Top of EXTRACTED RECORDS

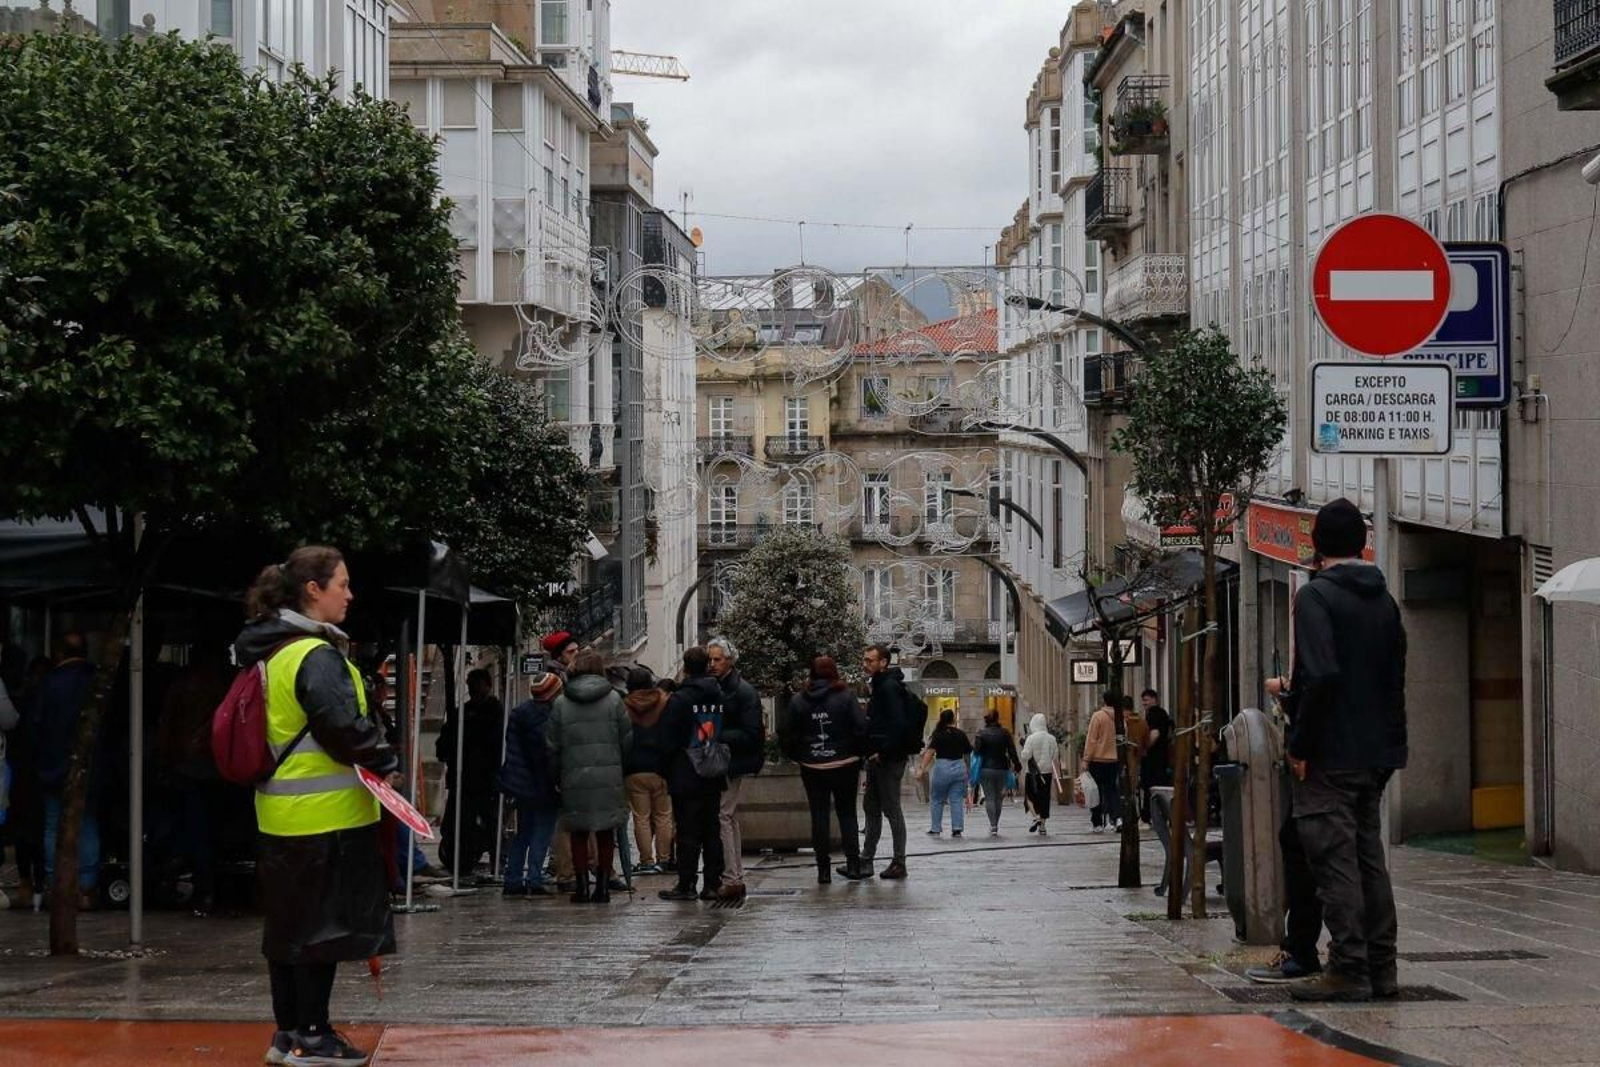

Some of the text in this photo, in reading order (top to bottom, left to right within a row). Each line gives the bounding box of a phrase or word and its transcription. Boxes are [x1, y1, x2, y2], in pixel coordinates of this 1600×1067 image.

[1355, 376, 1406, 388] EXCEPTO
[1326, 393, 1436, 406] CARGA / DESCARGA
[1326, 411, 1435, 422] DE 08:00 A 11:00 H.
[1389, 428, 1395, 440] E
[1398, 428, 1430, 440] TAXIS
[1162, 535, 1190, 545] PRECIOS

Bottom of EXTRACTED RECORDS

EXERCISE DETAILS: Reproduce the entries above exactly, without images.

OUTPUT:
Some of the text in this photo, in reading order (top to bottom, left to right within a row). Each line gives the bounding box of a phrase or word and its transcription. Boxes are [x1, y1, x2, y2], in pixel coordinates of this 1600×1067 image.

[1355, 376, 1406, 388] EXCEPTO
[1326, 393, 1436, 406] CARGA / DESCARGA
[1326, 411, 1435, 422] DE 08:00 A 11:00 H.
[1389, 428, 1395, 440] E
[1398, 428, 1430, 440] TAXIS
[1162, 535, 1190, 545] PRECIOS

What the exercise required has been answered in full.